Like there’s no version of me that can show up fully — not for him, not for the work, not even for myself.
But I still show up.

Not because I’m unbreakable.
But because some roles you play out of love, not ambition.
Because sometimes, even when the lines are blurry and the tank is empty, showing up is the only thing that keeps you tethered to the version of yourself you don’t want to lose.
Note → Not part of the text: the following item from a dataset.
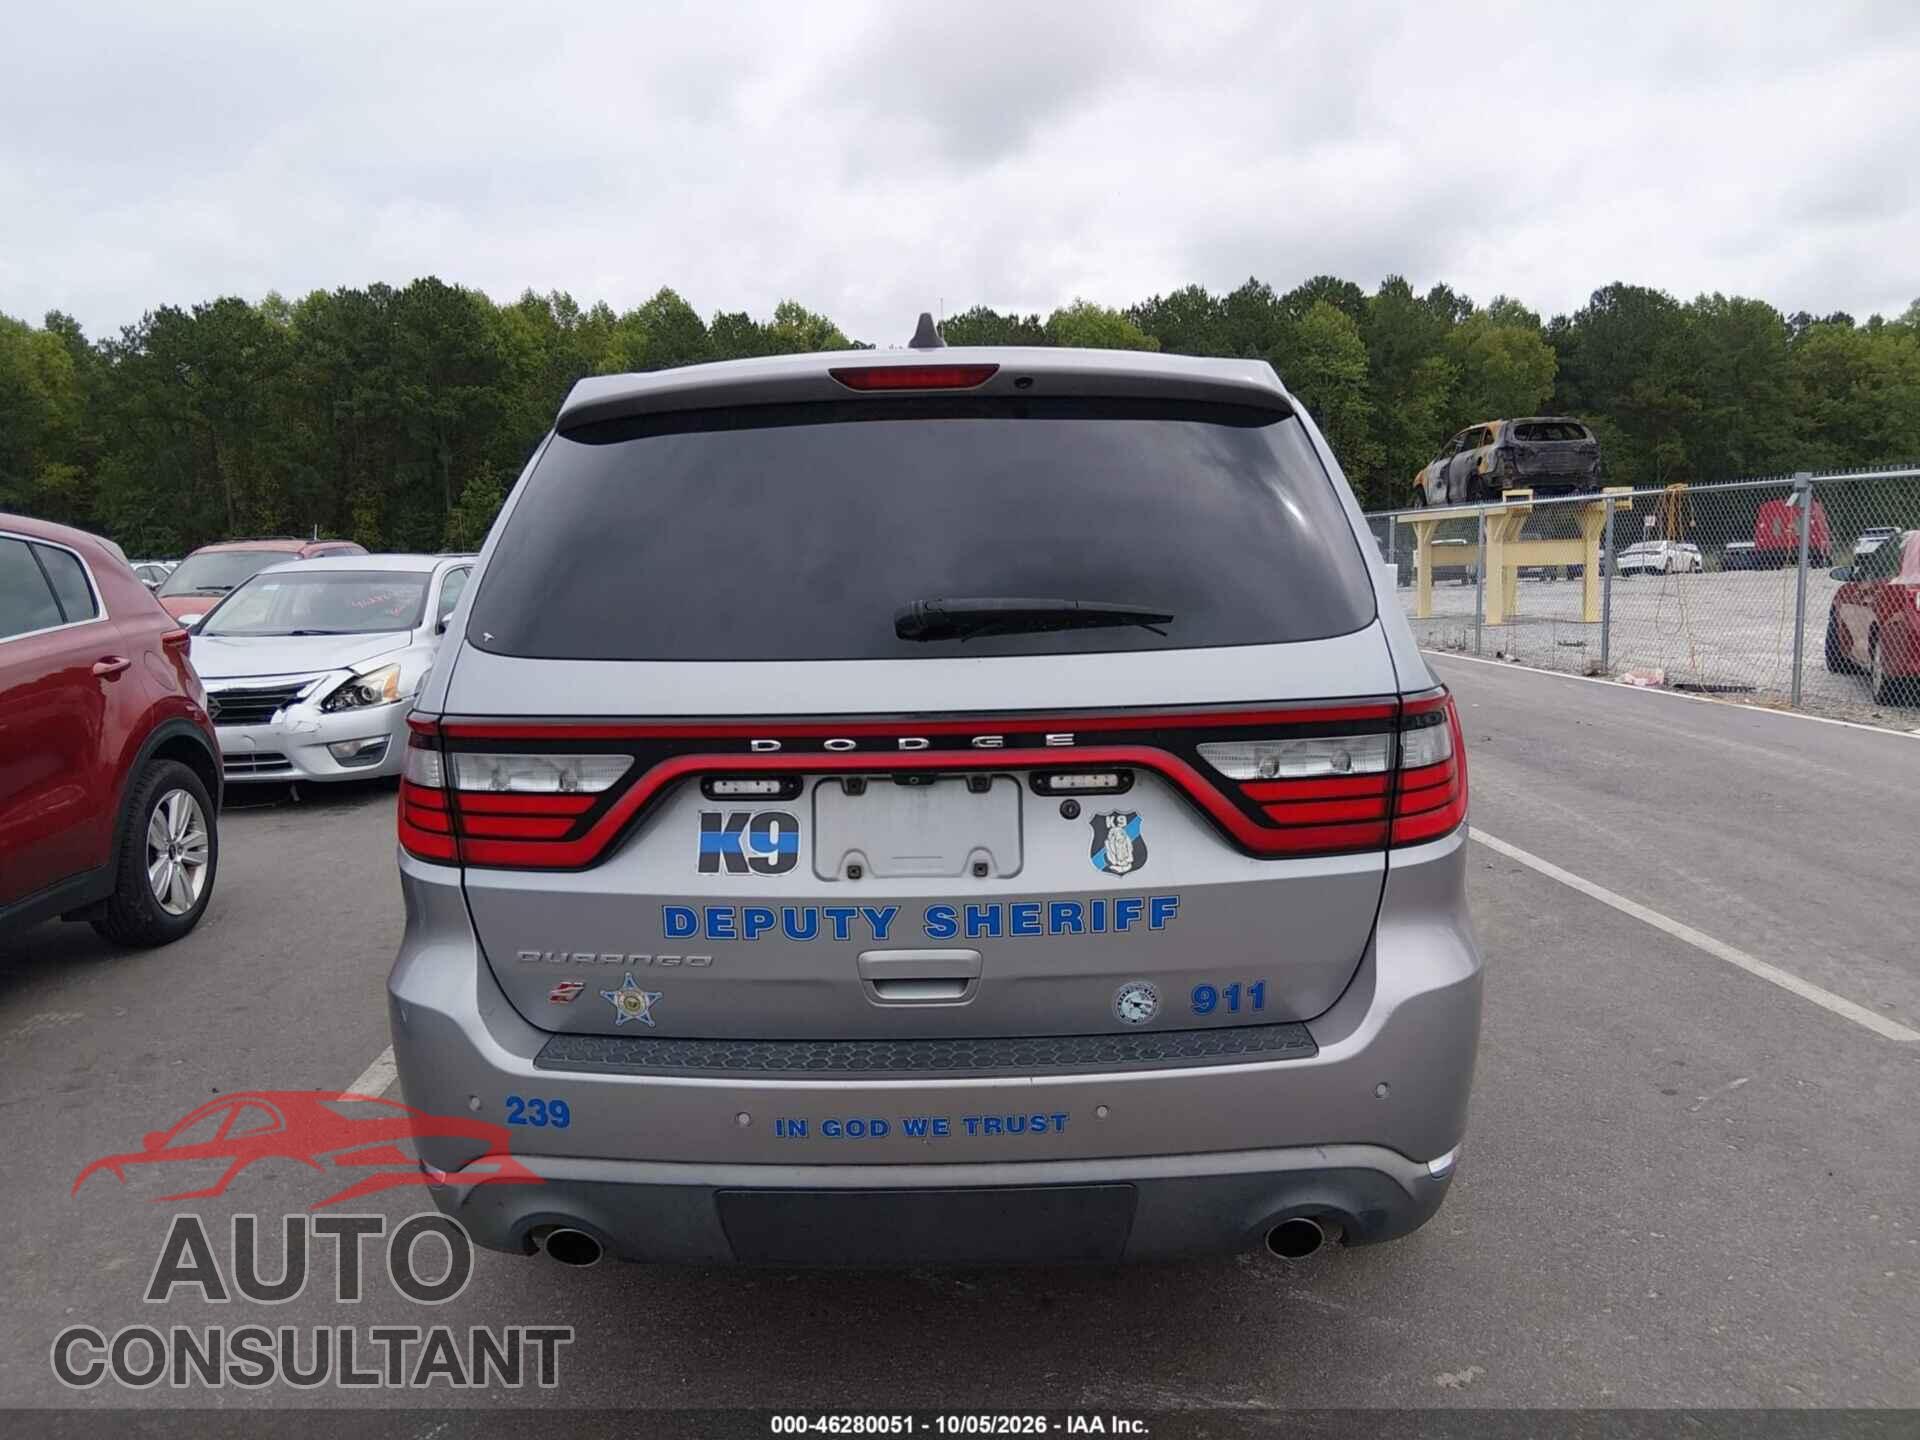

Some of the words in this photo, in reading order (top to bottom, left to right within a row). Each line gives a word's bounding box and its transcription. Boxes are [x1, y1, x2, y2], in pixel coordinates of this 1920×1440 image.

I’m an introvert by nature. When life gets overwhelming, I don’t lash out — I go inward. I disappear into thought, memory, questions that have no clean answers. It’s my way of making sense of things. But lately, even that quiet space has been crowded. There’s no off-switch for worry. No mute button for fear. It just rides with you — in the car on the way to the hospital, on the other side of a self-tape, underneath your skin while you try to sleep.

And yet… I still dream.
I still imagine the next version of me — the one who makes it through this chapter not just surviving, but changed. Sharper. Deeper. Not hardened, but forged by whatever’s left standing after the wreckage.
There’s an investment I made that might shift everything. Maybe it pans out, maybe it doesn’t — I honestly don’t know.
But even just holding onto that possibility — something close enough to feel, but still out of reach — gives me something to aim at.
Something to keep reaching for.
A crack of light. A thread of hope.
If it comes through… it could change everything.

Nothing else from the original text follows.